Analyzing the Flipkart Sales Dataset to gain business insights
Let's learn to do a deep analysis of the Flipkart sales dataset using the pandas and plotly libraries. We will take into account various features to gain key insights into our data.
As one of Flipkart's analysts, you are asked to present a detailed report for the management on various aspects. You are provided with a dataset consisting of 20,000 purchases. We will use the Pandas library to analyze the dataset. Moreover, it is recommended to visualize the results using various graphs and charts.
Data Visualization of the result helps the decision-makers understand how the business data is being interpreted to determine business decisions. It also focuses on business insights to discover areas that require attention.
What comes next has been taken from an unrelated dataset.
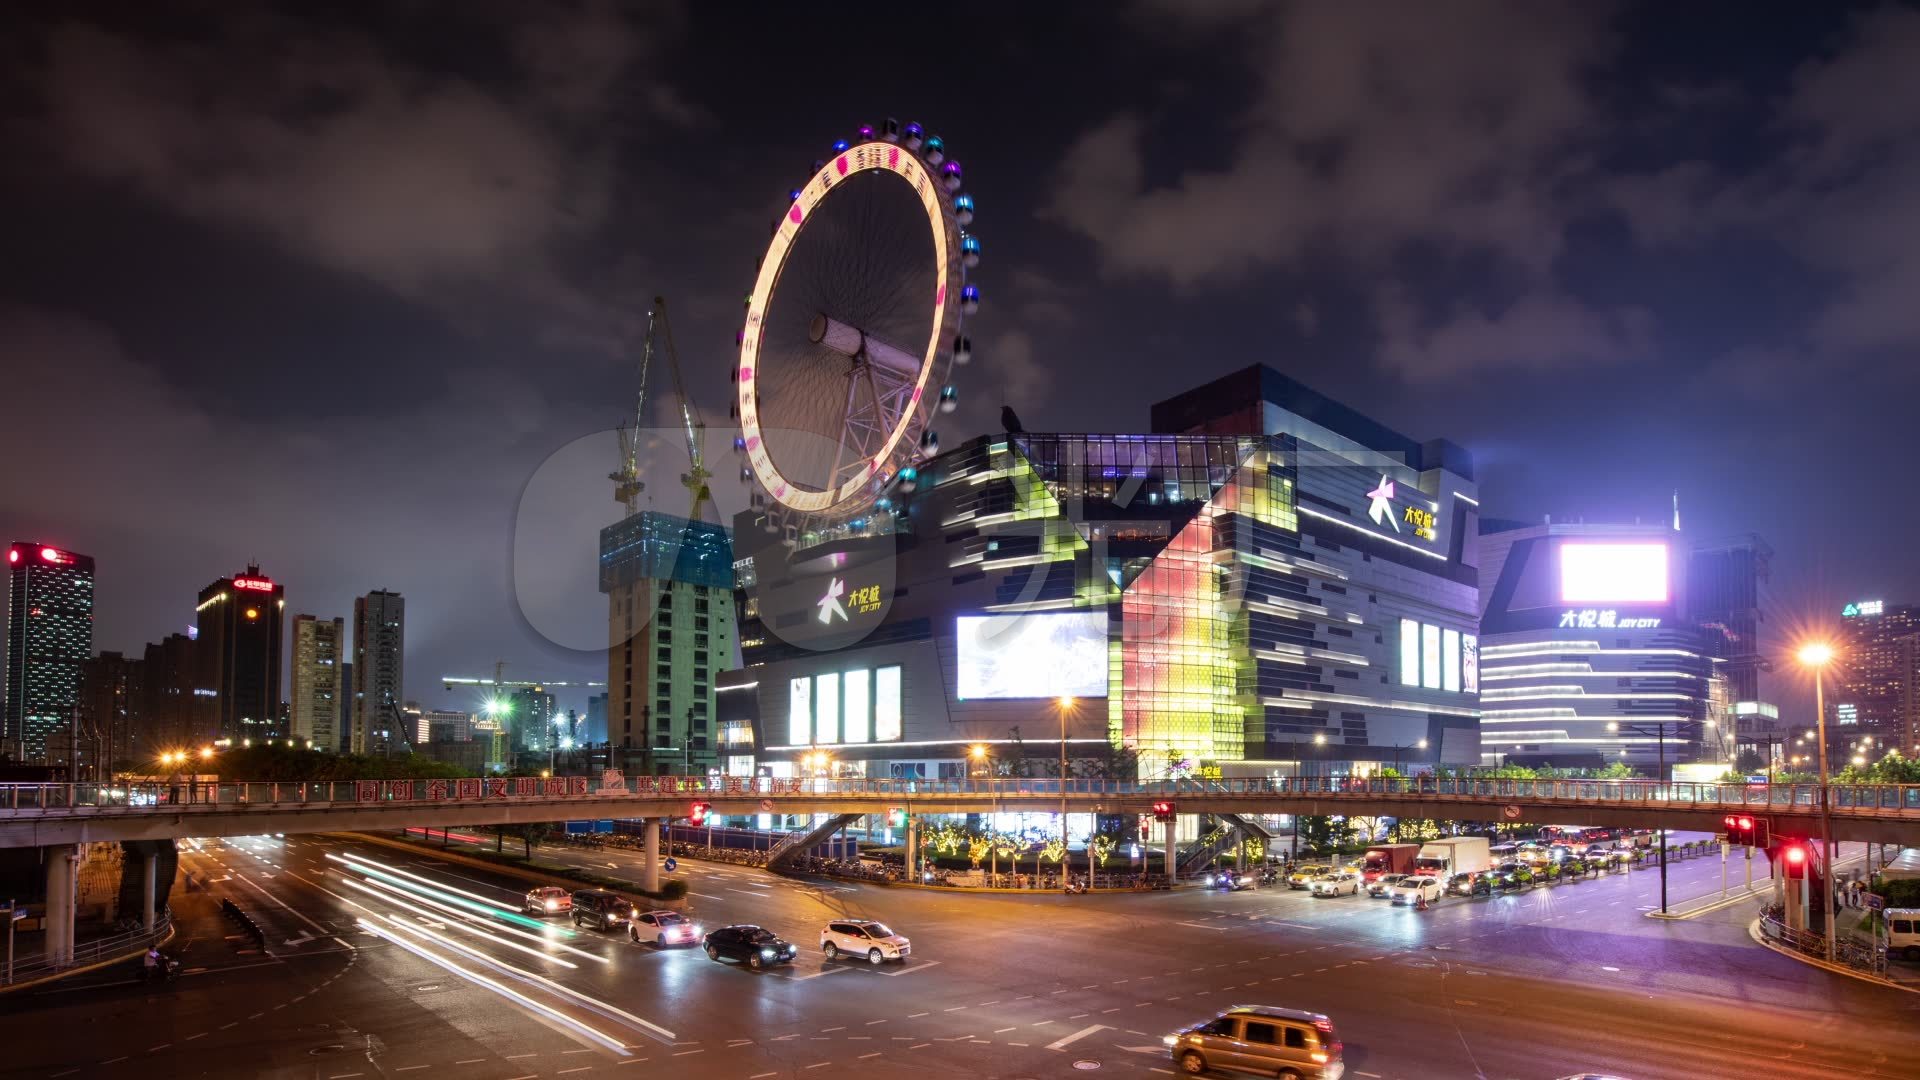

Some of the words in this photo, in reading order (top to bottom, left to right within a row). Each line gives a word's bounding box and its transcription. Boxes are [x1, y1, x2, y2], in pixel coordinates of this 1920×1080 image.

Therefore, in addition to pandas, we will make use of the Plotly library as well.
You want to provide a detailed and easy-to-understand report of the dataset covering the following areas:
- What are the top performing products and brands?
- Which brands are offering the highest discount?
- What are some of the target customers that spend the most money on flipkart?
- A thorough analysis of product ratings:
- What is the proportion of 5 star rated products to the total products?
- What are the best and worst performing products and brands in terms of ratings?
- How many number of products are sold for different types of ratings?
- Is there any trend associated with the retail price and discount price over the months?
- When are customers the most active during the day?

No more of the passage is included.